Once that was decided, Gary said "Oh! Wrong song. Forget everything!" and after some more introductions, the familiar opening chords of Grand Hotel left us in no doubt as to what the next song actually was. Sadly, I could only just hear Gary's piano - his vocals were, happily, always clear and strong all evening - and again, Matthew might as well have been miming, for all the difference it made to me. He had been clearly playing his heart out in the previous song, performing a lot of glissandos and sweeping his arm into the air, but not a note reached my ears. Before Hotel started, I noticed another pianist quietly sit behind a second piano half-hidden in the wings behind Gary, just in front of the percussionist.
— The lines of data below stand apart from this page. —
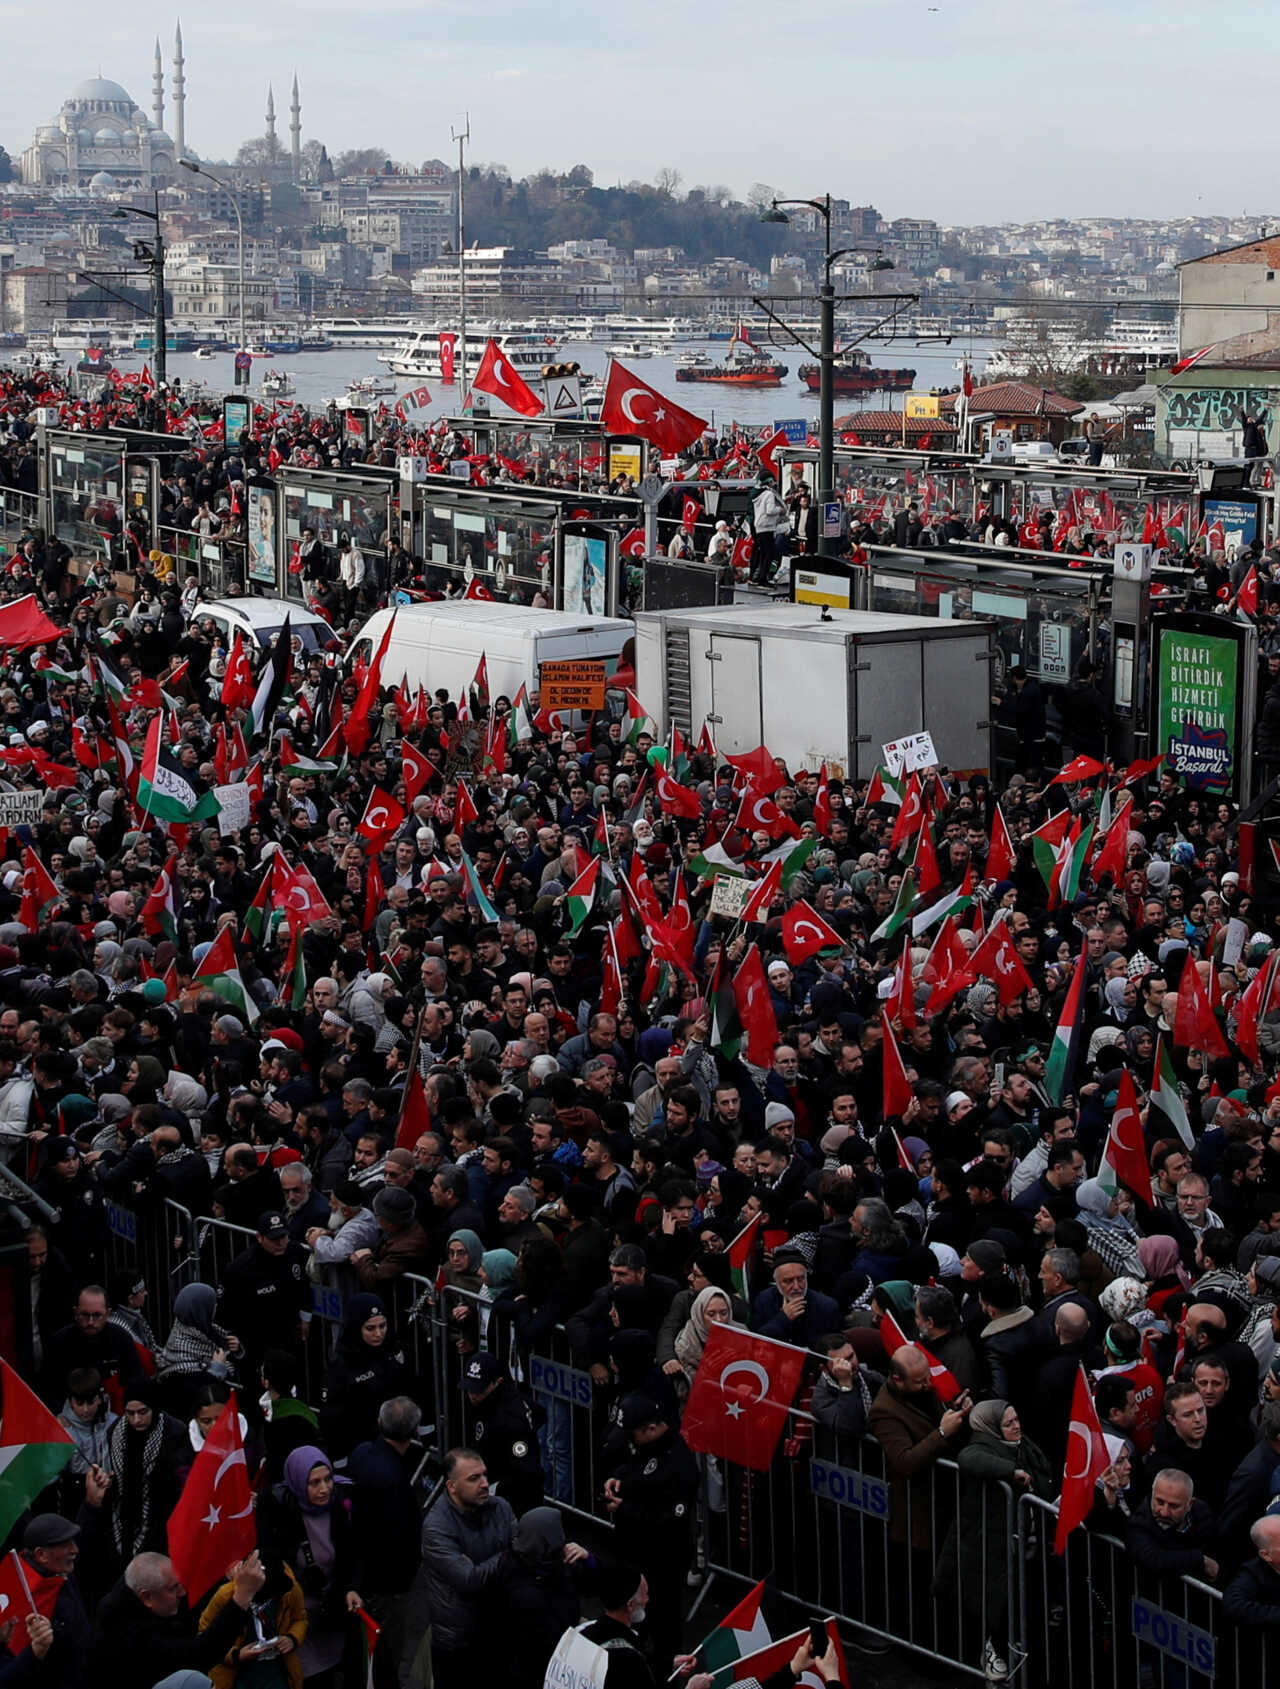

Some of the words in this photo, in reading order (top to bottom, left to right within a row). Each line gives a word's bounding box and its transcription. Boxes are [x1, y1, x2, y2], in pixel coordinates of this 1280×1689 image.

[1171, 666, 1223, 687] BİTİRDİK
[1171, 686, 1219, 707] HİZMETİ
[1171, 707, 1225, 728] GETİRDİK
[1170, 739, 1229, 762] İSTANBUL
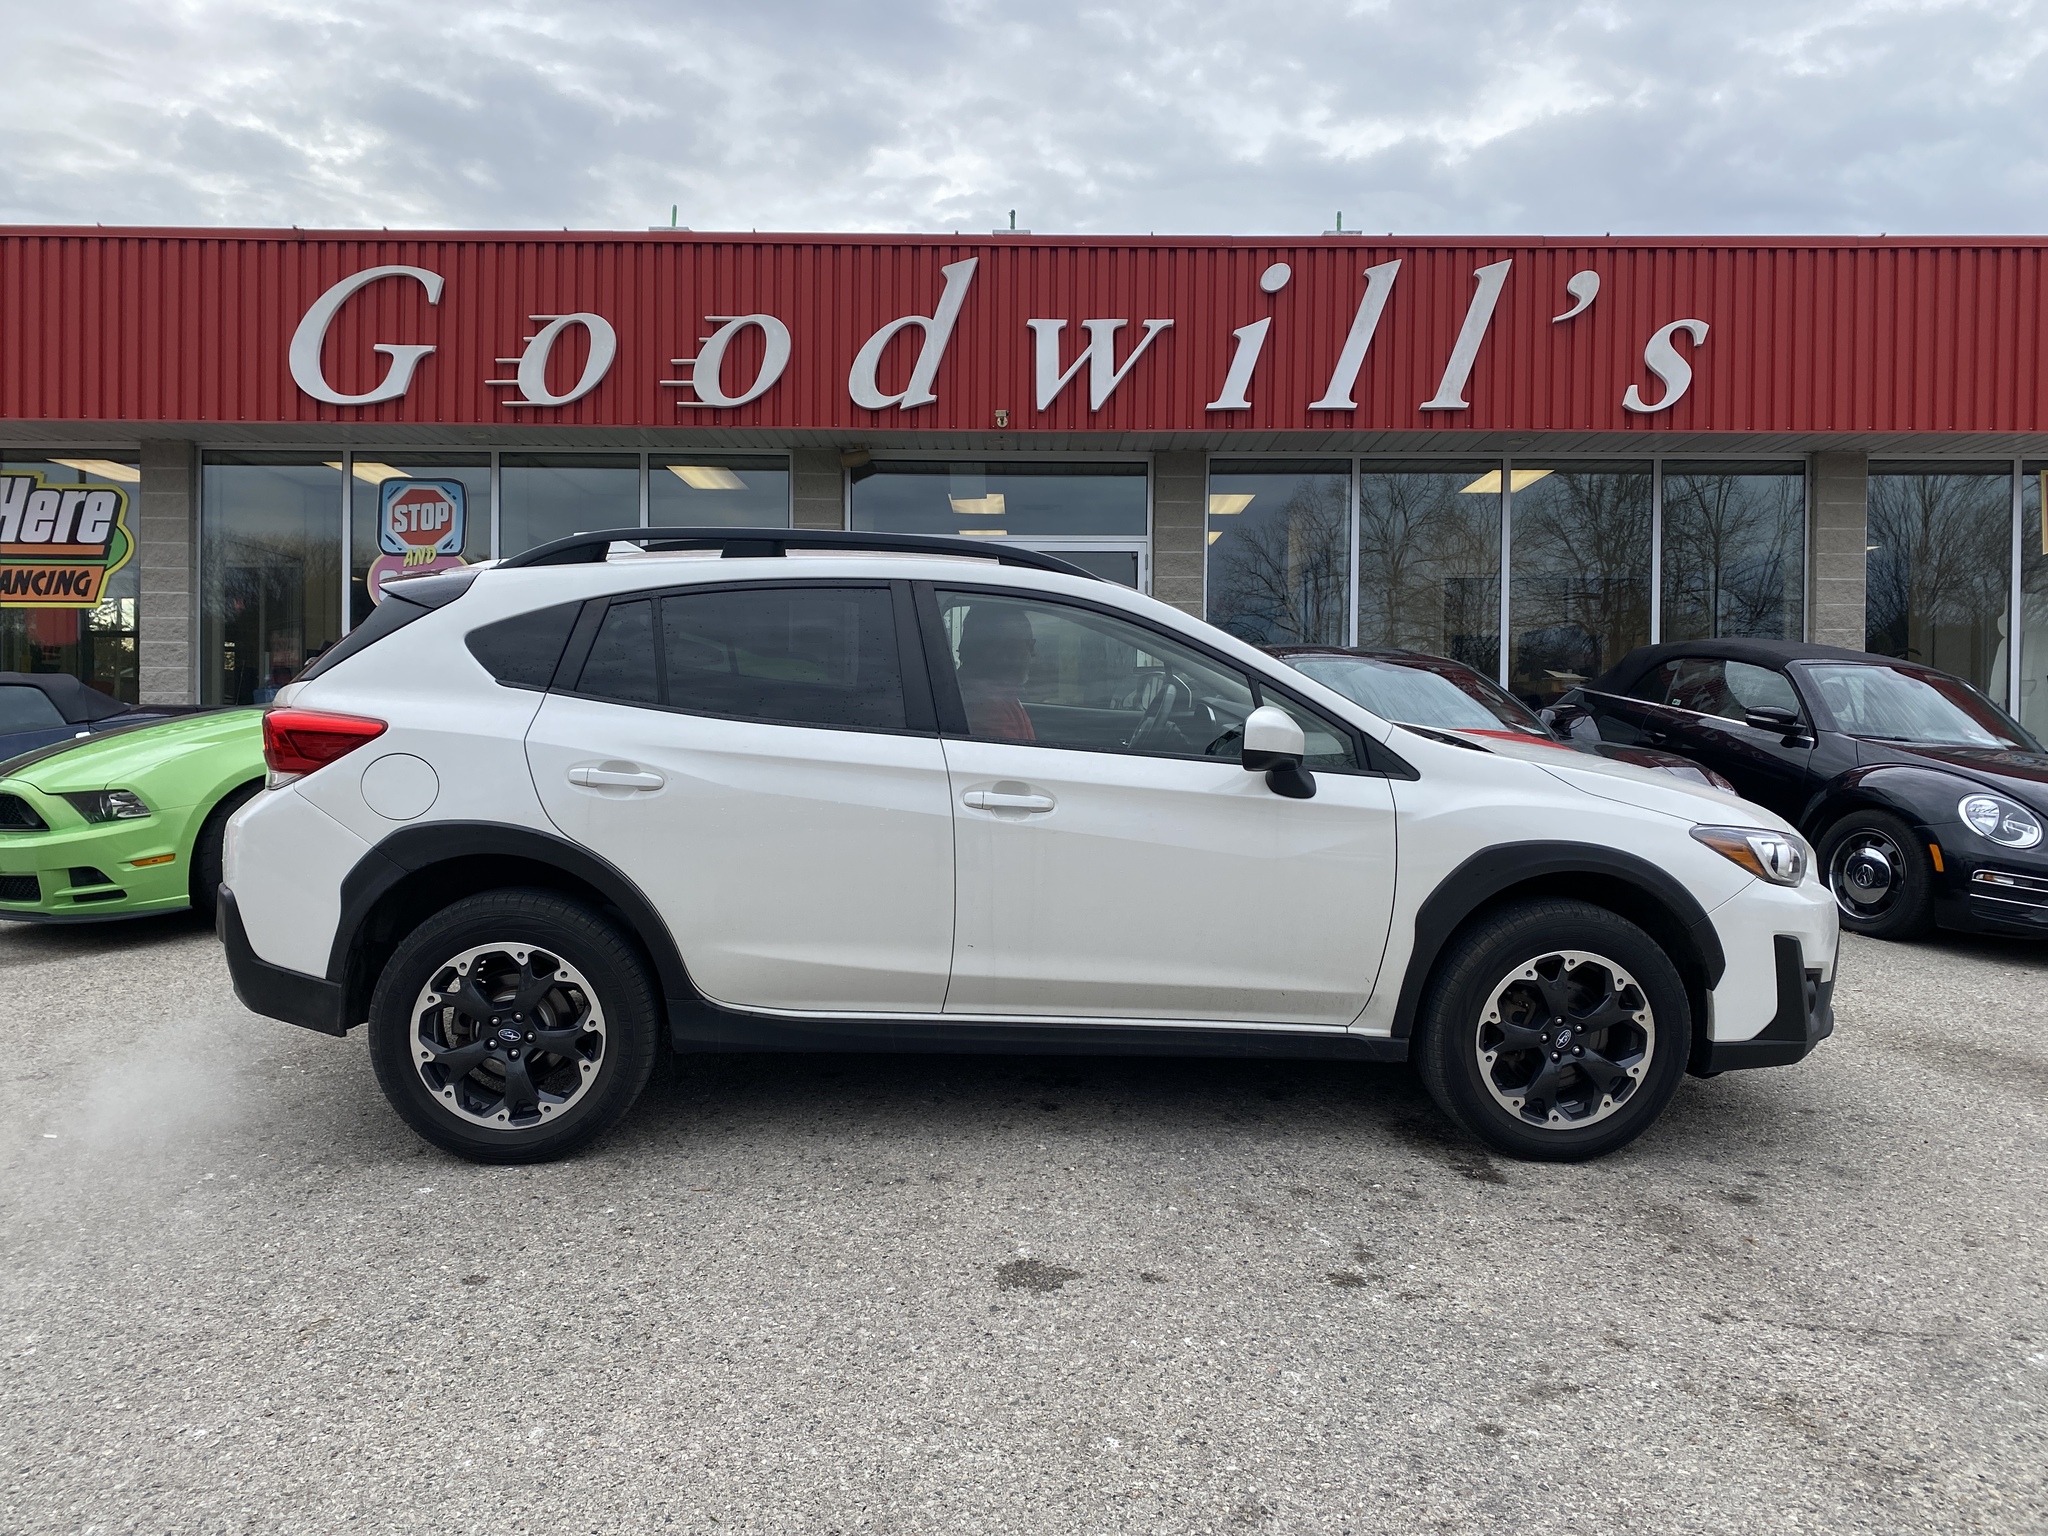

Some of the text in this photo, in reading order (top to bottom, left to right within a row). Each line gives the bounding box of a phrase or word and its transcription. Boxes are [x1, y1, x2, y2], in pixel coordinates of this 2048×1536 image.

[288, 256, 1710, 413] Goodwill's
[0, 477, 117, 543] Here
[394, 502, 450, 533] STOP
[402, 545, 438, 568] AND
[0, 568, 92, 597] ANCING
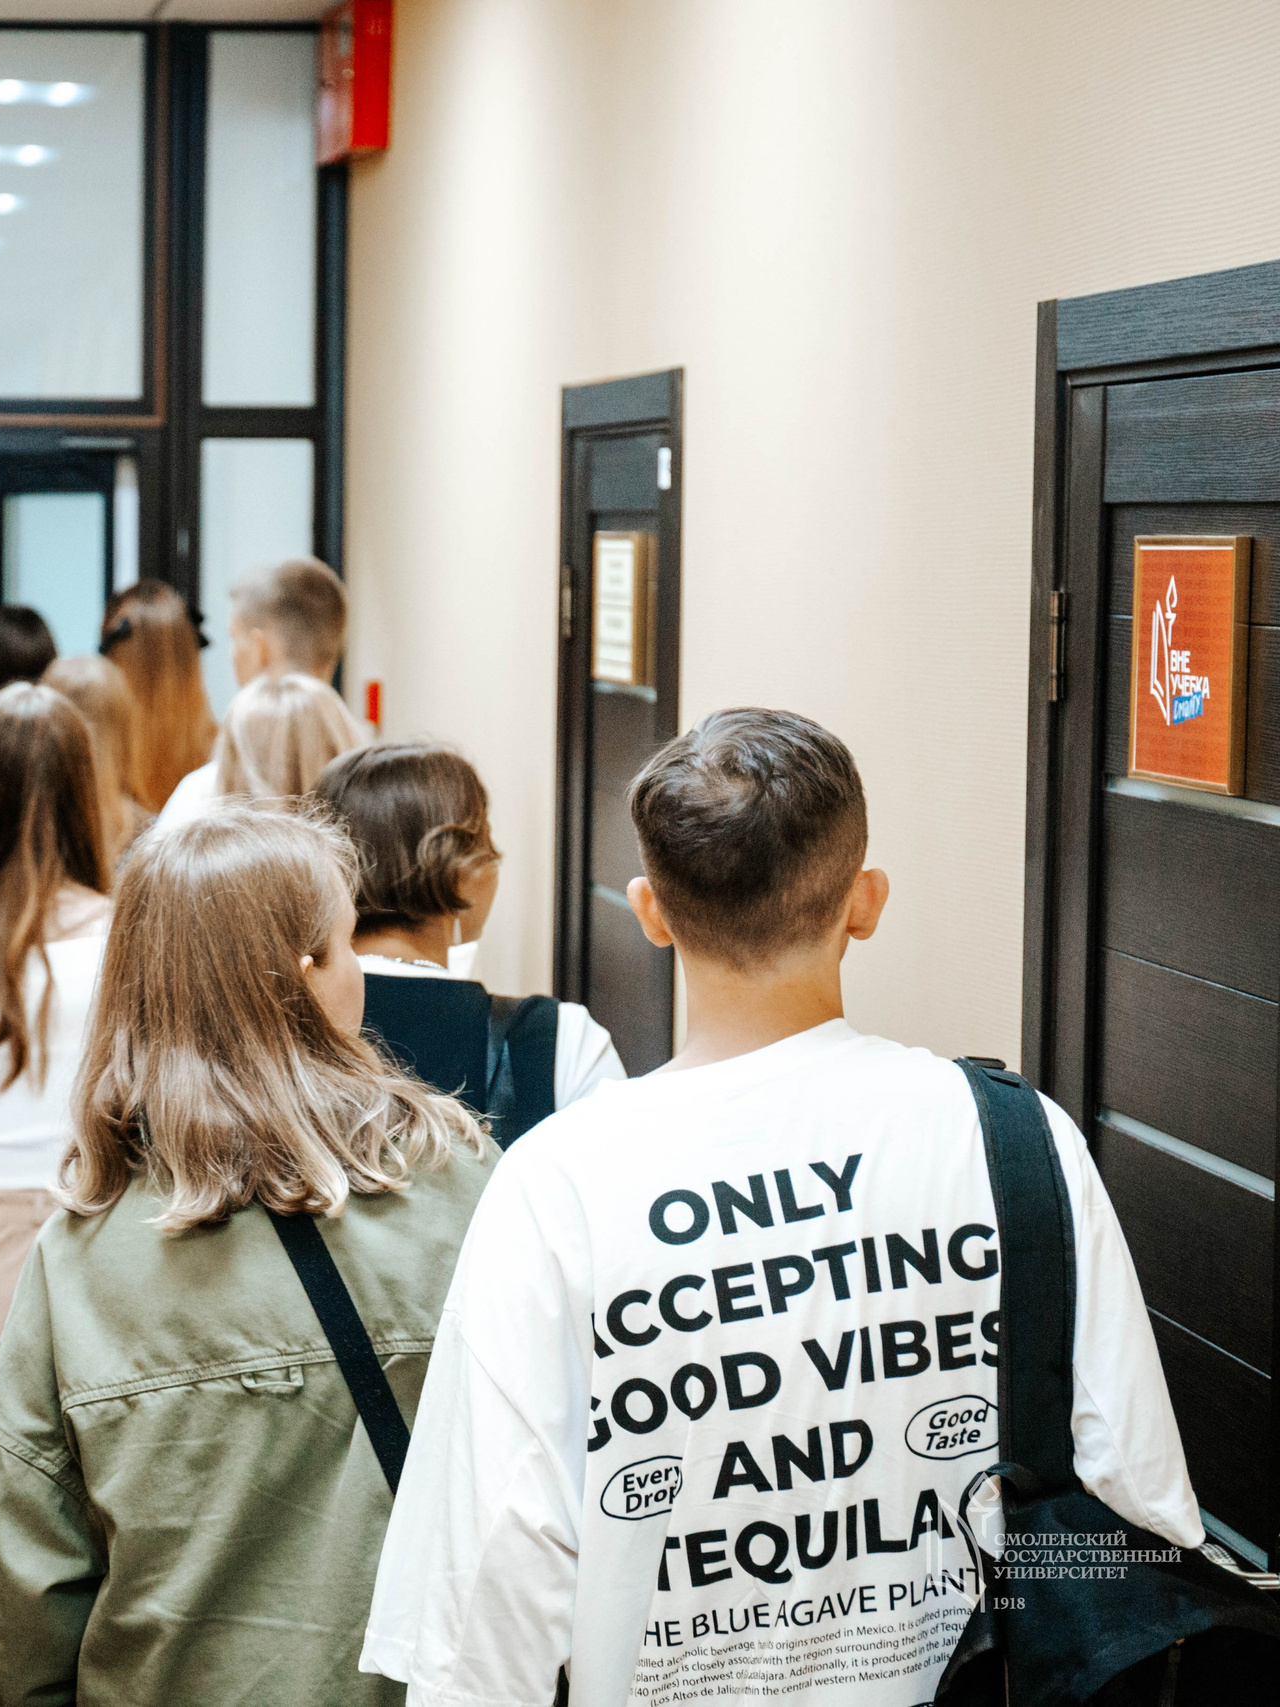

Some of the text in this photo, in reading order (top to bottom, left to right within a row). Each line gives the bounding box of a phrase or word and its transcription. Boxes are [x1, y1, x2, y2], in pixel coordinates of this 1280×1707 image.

[1170, 650, 1191, 673] ВНЕ
[1170, 673, 1210, 699] УЧЕБКА
[648, 1153, 863, 1246] ONLY
[926, 1427, 981, 1451] Taste
[928, 1402, 990, 1430] Good
[713, 1418, 874, 1499] AND
[657, 1488, 957, 1592] TEQUILA
[643, 1620, 684, 1648] HE
[692, 1602, 771, 1639] BLUE
[774, 1585, 878, 1628] AGAVE
[711, 1640, 755, 1657] beverage
[776, 1637, 808, 1651] origins
[810, 1629, 841, 1645] rooted
[844, 1627, 854, 1638] in
[856, 1624, 896, 1636] Mexico.
[899, 1622, 906, 1632] It
[908, 1619, 914, 1629] is
[651, 1678, 680, 1695] miles)
[682, 1671, 733, 1687] northwest
[790, 1658, 849, 1678] Additionally,
[851, 1658, 859, 1668] it
[861, 1656, 869, 1666] is
[872, 1648, 917, 1670] produced
[918, 1646, 925, 1655] in
[926, 1641, 940, 1652] the
[942, 1636, 961, 1648] Jali
[681, 1664, 689, 1672] is
[691, 1659, 725, 1672] closely
[763, 1654, 783, 1666] with
[785, 1653, 801, 1664] the
[803, 1646, 833, 1661] region
[835, 1636, 900, 1653] surrounding
[902, 1634, 916, 1645] the
[930, 1623, 939, 1635] of
[941, 1620, 968, 1633] Tequ
[650, 1695, 670, 1707] (Los
[672, 1690, 698, 1702] Altos
[700, 1687, 714, 1697] de
[762, 1686, 780, 1696] the
[781, 1679, 813, 1694] central
[814, 1675, 856, 1687] western
[858, 1669, 900, 1682] Mexican
[902, 1662, 923, 1675] state
[923, 1656, 932, 1667] of
She, too, was inaudible. The orchestra was winning Three-Nil. At this point I was beginning to think it was "Gary Brooker Sings the Best of Procol Harum, Accompanied by the Hallé Orchestra". I had paid to hear the orchestra, so that was no problem. The only thing was, I had paid to hear Procol Harum too! I was beginning to feel resentful towards the sound engineers, sitting in their closed-off area several rows behind me. Oh well! Maybe I need to see my audiologist. [It's possible that people near the front were hearing too much from the stage monitors: these problems were not evident at all further back: the house sound was well-mixed from the start]
The following number was Holding On with the choir articulating all the cries of "Zika nor nama ... hesah!". The song was beautifully performed, as indeed every song was, and the choir and orchestra did justice to the piece. Geoff Whitehorn was clearly enjoying himself. Throughout the whole concert he was obviously having an absolute whale of a time, and he made me feel terrific just watching him. I do not know what that man is on, but whatever it is, I want some!
Song number five was Conquistador, in a slightly different arrangement, but more or less similar to the well-known "Edmonton" version. Exciting, fast-paced, moving stuff. I even heard Matthew clearly once he was given a chance to solo, right at the end.
Then came the first surprise: Strangers in Space. The Hallé Orchestra introduced this delightful arrangement with a marvellous piece of quasi-Holst, hinting very strongly at The Planets but not directly quoting any of them. The song arrangement itself was well-crafted and very delicately performed. The result was hauntingly beautiful, and very moving.
Gary now asked whether there were any fans present who had seen them earlier on the tour. There were not a few! A gentleman in the audience called out something about the US, and Gary, who may not have caught exactly what the speaker said, hesitated for a moment, then called back "Any more of that, sir, and you'll be out!" And then, cue Geoff, and Man With A Mission. This rocked along very well with orchestra and group nicely balanced.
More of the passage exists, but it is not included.